:: Given data ::
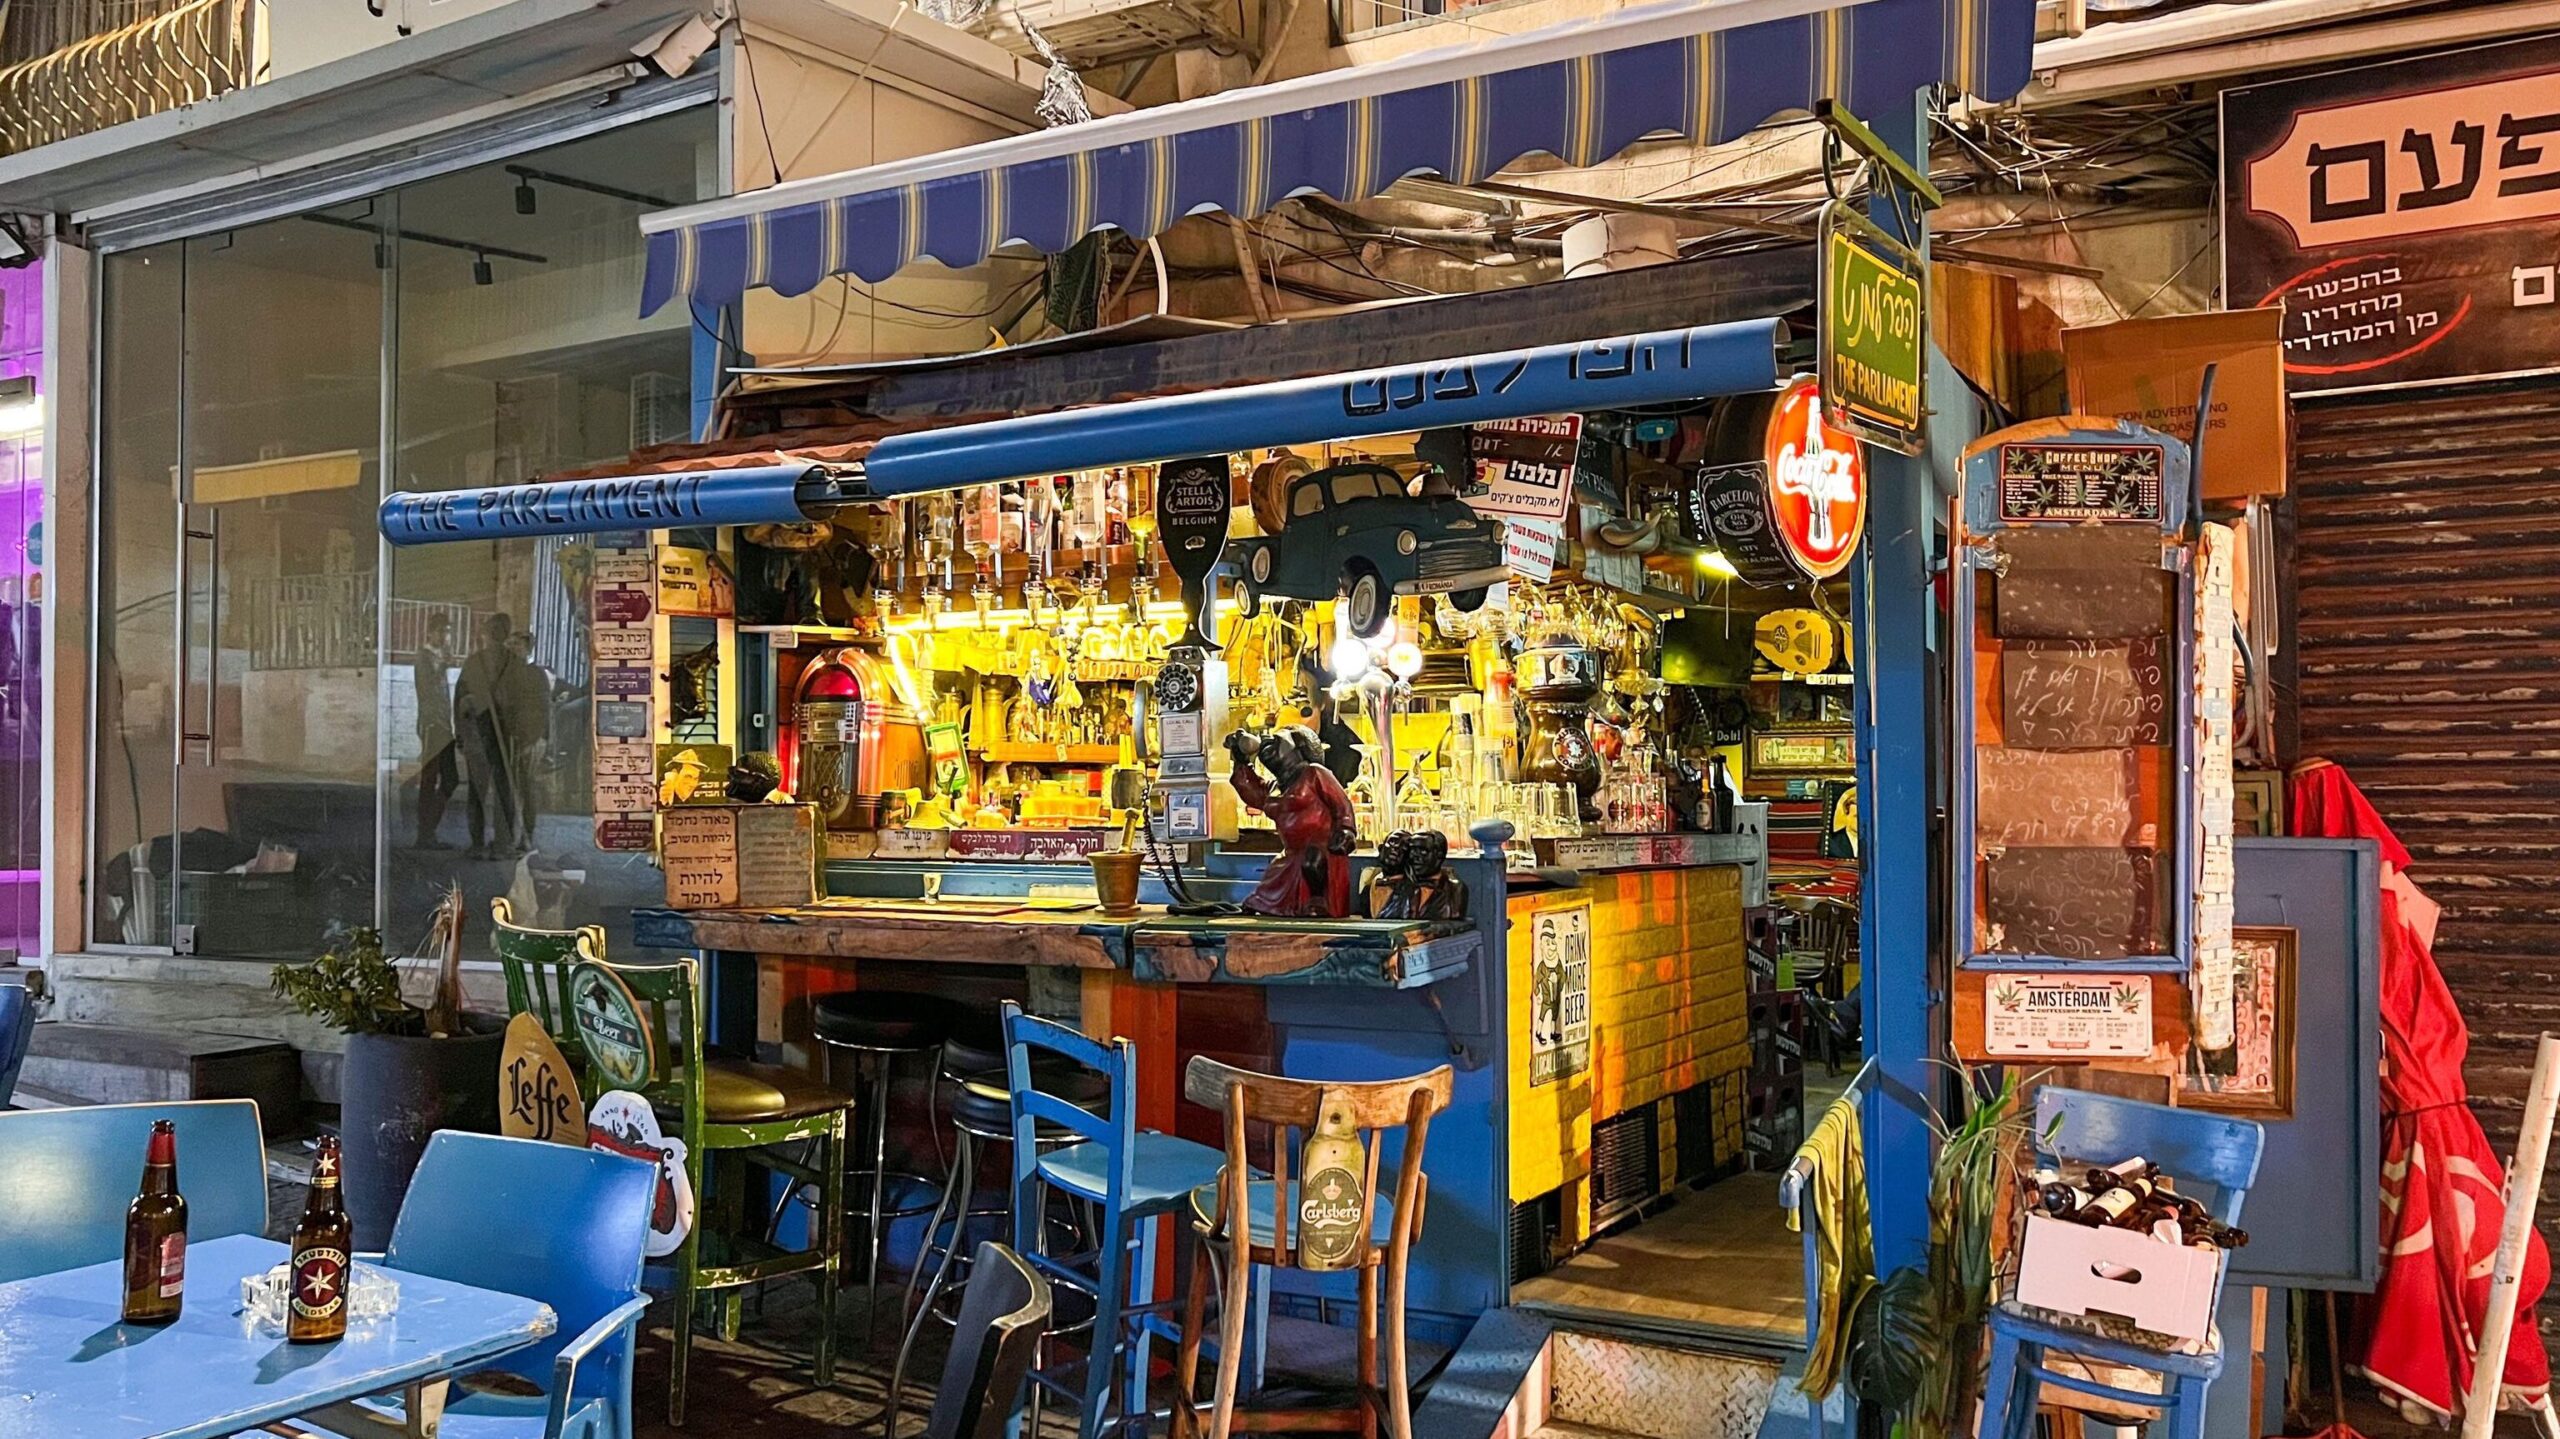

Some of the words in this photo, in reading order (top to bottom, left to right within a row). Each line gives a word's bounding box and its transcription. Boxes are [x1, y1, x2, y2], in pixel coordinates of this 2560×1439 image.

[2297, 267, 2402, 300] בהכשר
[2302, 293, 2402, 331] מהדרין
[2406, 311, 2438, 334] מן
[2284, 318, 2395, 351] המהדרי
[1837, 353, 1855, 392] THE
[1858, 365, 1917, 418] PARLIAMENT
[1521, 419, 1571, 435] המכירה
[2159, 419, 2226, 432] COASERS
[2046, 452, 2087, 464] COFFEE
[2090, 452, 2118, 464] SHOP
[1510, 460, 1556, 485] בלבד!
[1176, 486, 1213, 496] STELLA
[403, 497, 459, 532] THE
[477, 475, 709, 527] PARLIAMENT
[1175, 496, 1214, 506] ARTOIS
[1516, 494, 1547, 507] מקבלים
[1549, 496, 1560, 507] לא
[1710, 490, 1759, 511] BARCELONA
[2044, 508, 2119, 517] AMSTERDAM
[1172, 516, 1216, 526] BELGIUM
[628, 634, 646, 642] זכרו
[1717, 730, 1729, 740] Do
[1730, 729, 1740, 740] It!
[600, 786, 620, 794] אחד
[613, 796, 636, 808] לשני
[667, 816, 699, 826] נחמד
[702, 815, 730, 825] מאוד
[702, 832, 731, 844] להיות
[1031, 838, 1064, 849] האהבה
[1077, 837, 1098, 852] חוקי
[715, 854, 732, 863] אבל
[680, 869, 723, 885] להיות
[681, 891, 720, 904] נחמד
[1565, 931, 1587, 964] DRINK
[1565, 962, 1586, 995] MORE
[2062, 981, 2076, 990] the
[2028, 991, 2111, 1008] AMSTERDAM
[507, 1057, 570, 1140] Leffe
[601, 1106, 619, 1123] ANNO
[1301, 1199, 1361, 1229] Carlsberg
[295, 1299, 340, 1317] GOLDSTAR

:: Instructions to follow ::
When "AMSTERDAM" shows up in a line of the material, report that line.

:: Reply ::
[2044, 508, 2119, 517] AMSTERDAM
[2028, 991, 2111, 1008] AMSTERDAM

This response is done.